Dataset entries
--------------------------------------------------

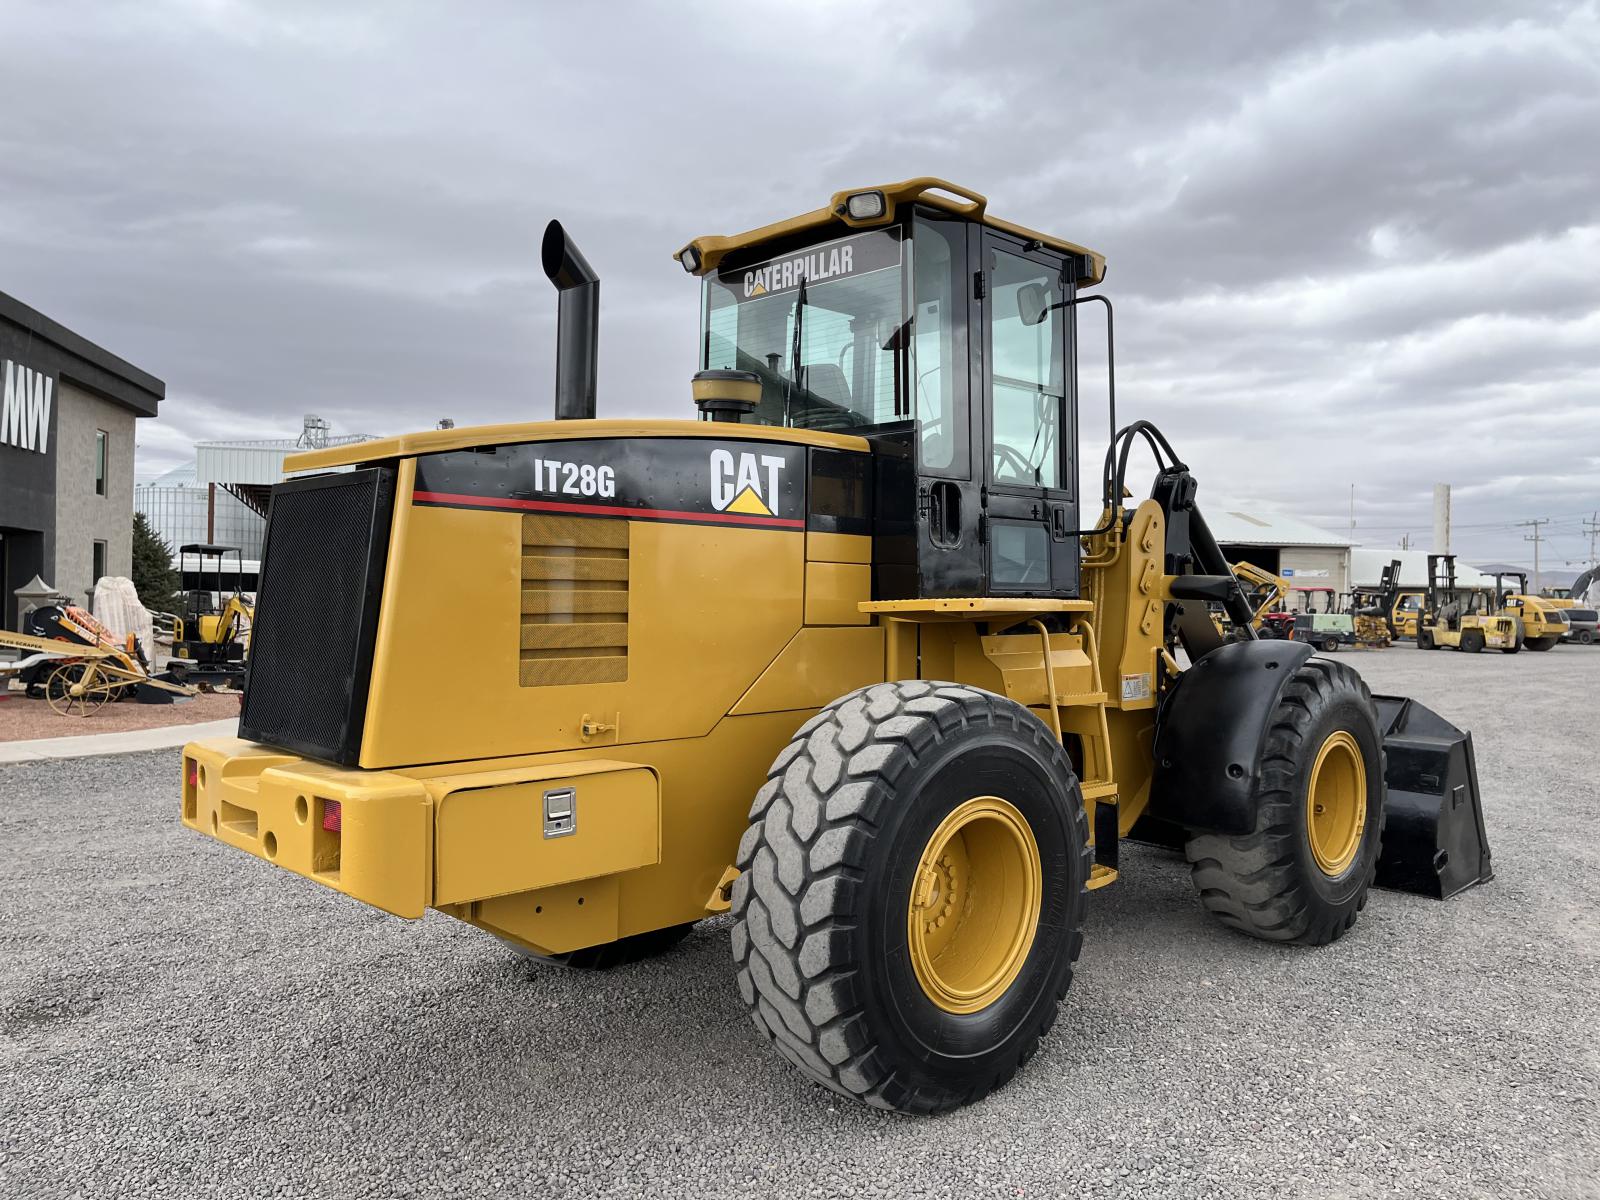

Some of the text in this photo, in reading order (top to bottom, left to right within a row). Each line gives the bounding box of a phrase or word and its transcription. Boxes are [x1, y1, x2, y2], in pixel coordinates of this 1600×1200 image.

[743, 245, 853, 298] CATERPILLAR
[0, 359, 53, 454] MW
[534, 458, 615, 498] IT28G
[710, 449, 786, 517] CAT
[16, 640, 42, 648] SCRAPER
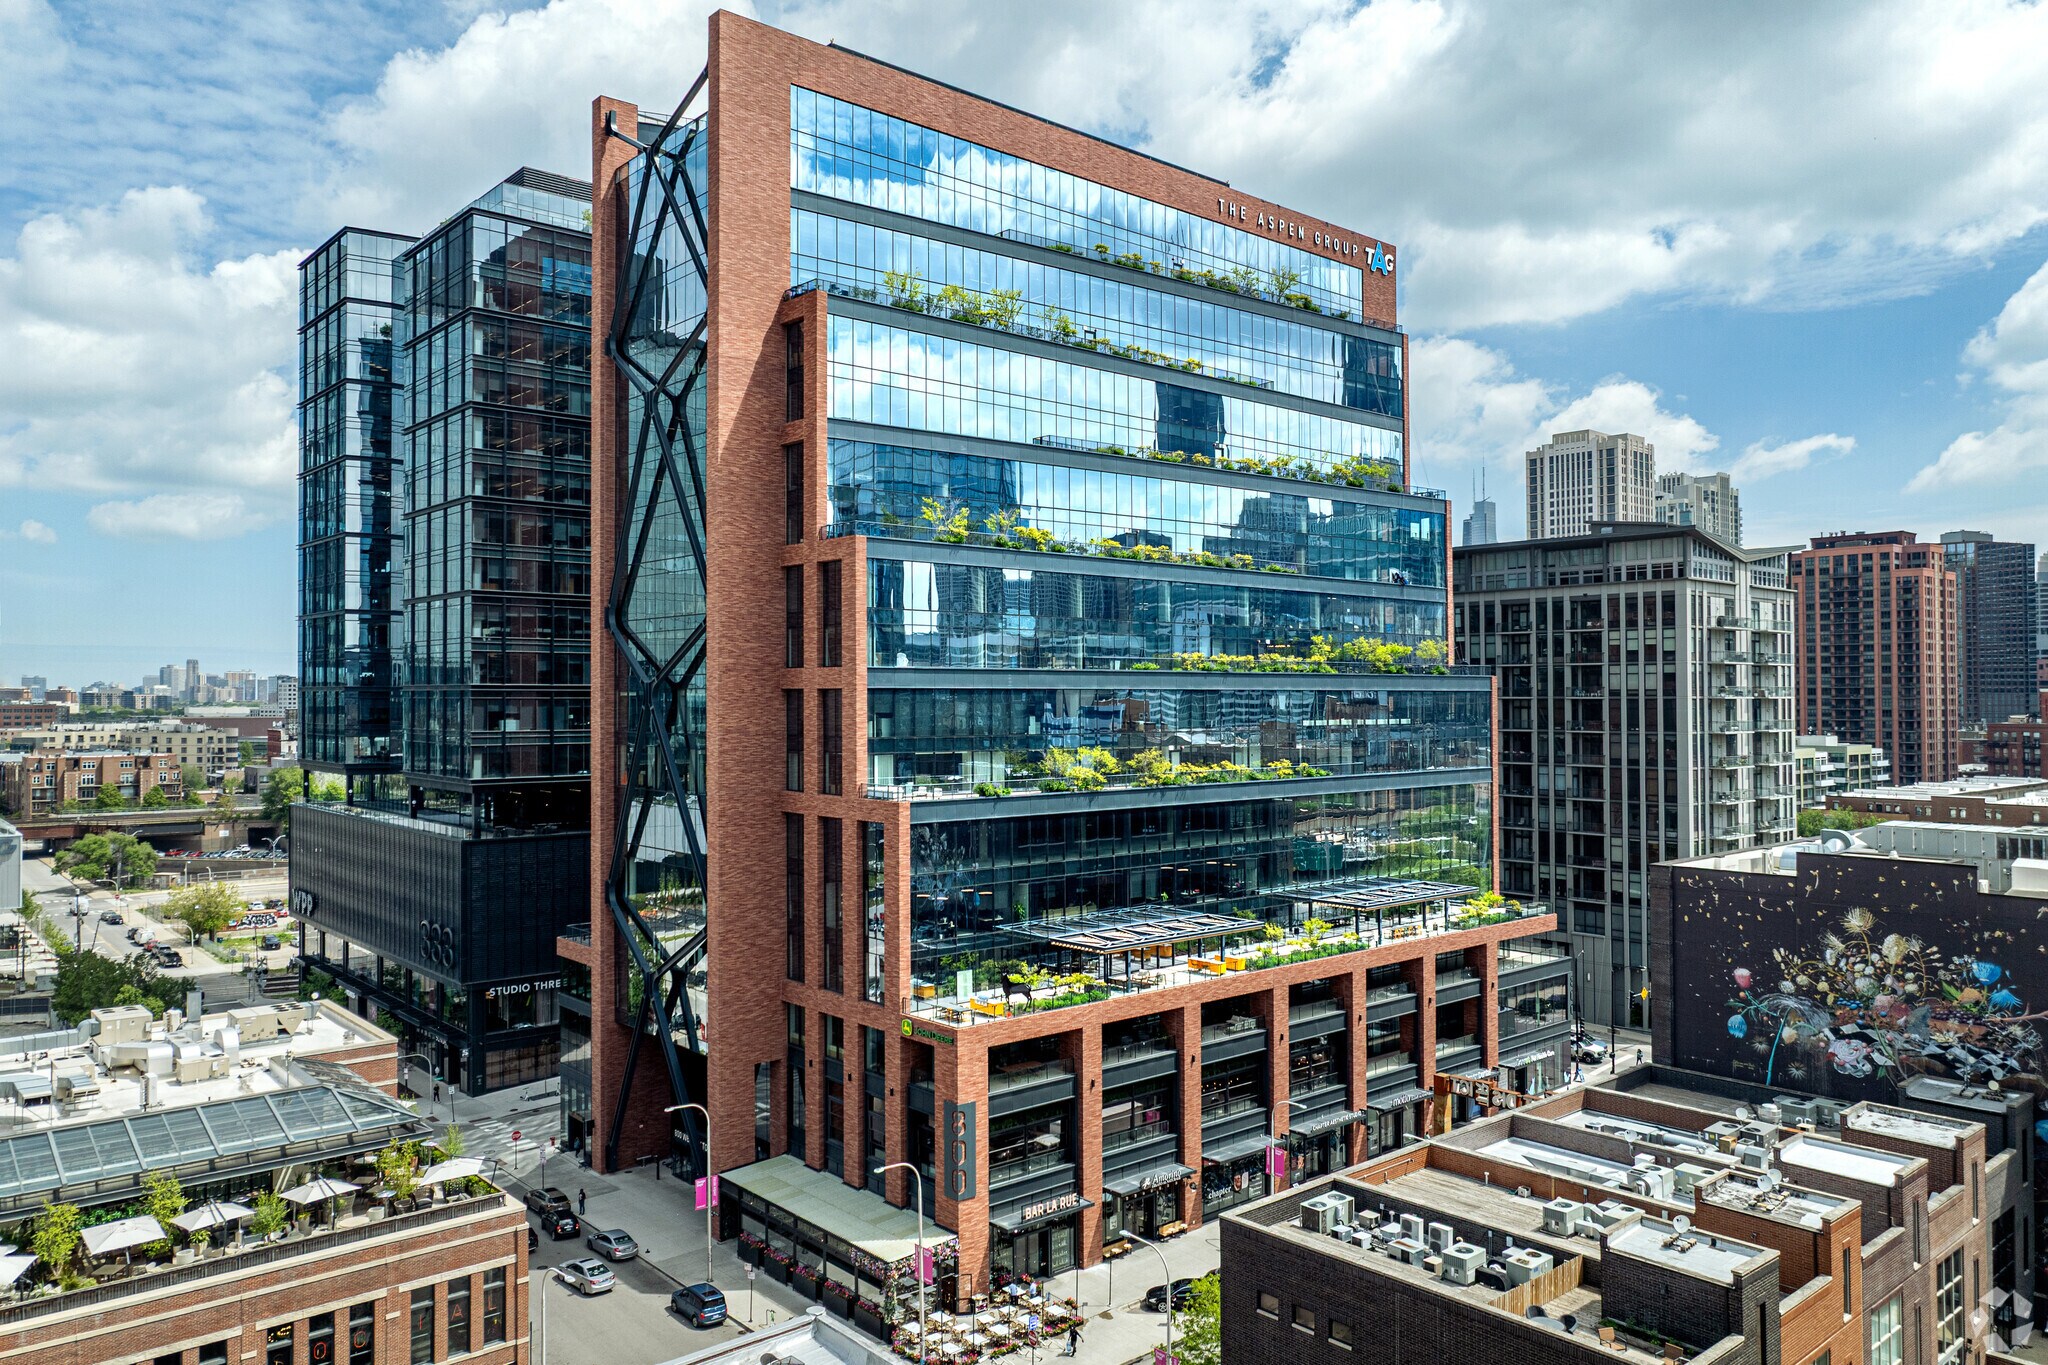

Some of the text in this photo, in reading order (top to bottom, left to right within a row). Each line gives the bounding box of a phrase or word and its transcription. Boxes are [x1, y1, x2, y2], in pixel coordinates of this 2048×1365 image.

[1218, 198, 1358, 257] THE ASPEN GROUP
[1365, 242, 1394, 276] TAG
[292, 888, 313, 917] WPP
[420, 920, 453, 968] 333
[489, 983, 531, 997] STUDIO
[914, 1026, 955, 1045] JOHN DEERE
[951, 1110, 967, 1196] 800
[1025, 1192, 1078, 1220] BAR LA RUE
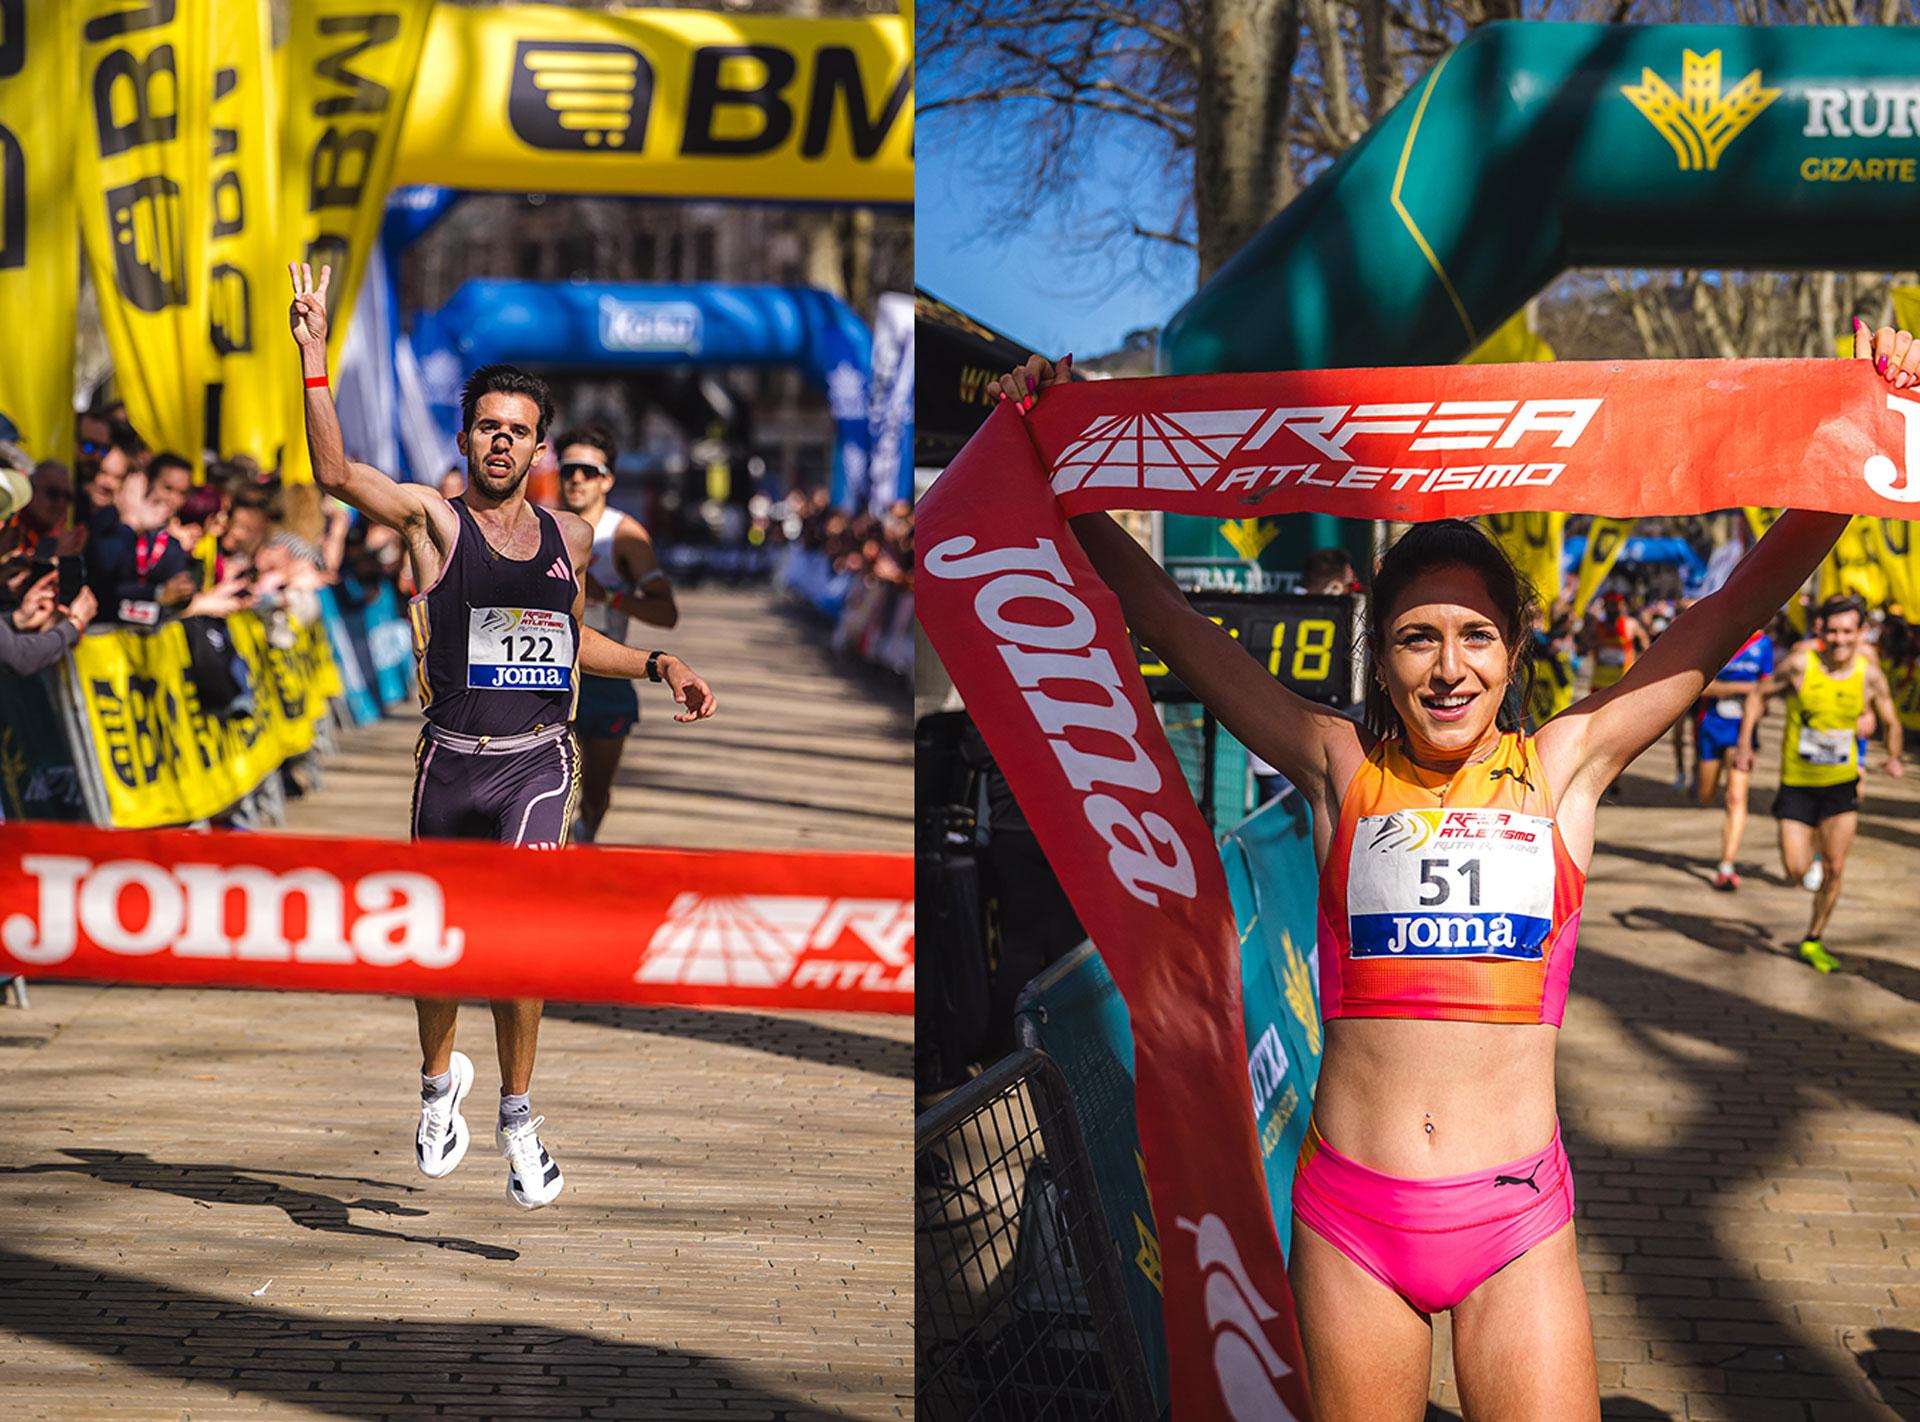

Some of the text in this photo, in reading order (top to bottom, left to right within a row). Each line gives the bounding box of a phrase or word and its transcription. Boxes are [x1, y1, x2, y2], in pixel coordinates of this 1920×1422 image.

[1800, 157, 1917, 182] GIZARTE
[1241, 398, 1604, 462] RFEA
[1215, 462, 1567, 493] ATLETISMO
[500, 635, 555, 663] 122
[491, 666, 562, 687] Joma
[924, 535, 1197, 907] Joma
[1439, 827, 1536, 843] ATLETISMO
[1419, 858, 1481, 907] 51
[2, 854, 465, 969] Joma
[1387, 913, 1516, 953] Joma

--------------------------------------------------

What is expected -
Without any of the pictures, repeat the entries above word for word.

Task result -
Some of the text in this photo, in reading order (top to bottom, left to right within a row). Each line gives the bounding box of a phrase or word and its transcription. Boxes are [x1, y1, x2, y2], in pixel coordinates of this 1600×1200 image.

[743, 245, 853, 298] CATERPILLAR
[0, 359, 53, 454] MW
[534, 458, 615, 498] IT28G
[710, 449, 786, 517] CAT
[16, 640, 42, 648] SCRAPER

Some of the text in this photo, in reading order (top to bottom, left to right within a row). Each line gives the bounding box of a phrase or word and its transcription. Boxes are [x1, y1, x2, y2], in pixel coordinates of this 2048×1365 image.

[1218, 198, 1358, 257] THE ASPEN GROUP
[1365, 242, 1394, 276] TAG
[292, 888, 313, 917] WPP
[420, 920, 453, 968] 333
[489, 983, 531, 997] STUDIO
[914, 1026, 955, 1045] JOHN DEERE
[951, 1110, 967, 1196] 800
[1025, 1192, 1078, 1220] BAR LA RUE

Some of the text in this photo, in reading order (top to bottom, left to right within a row). Each line gives the bounding box of a phrase or word and its transcription. Boxes are [x1, y1, x2, y2], in pixel coordinates of this 1920×1422 image.

[1800, 157, 1917, 182] GIZARTE
[1241, 398, 1604, 462] RFEA
[1215, 462, 1567, 493] ATLETISMO
[500, 635, 555, 663] 122
[491, 666, 562, 687] Joma
[924, 535, 1197, 907] Joma
[1439, 827, 1536, 843] ATLETISMO
[1419, 858, 1481, 907] 51
[2, 854, 465, 969] Joma
[1387, 913, 1516, 953] Joma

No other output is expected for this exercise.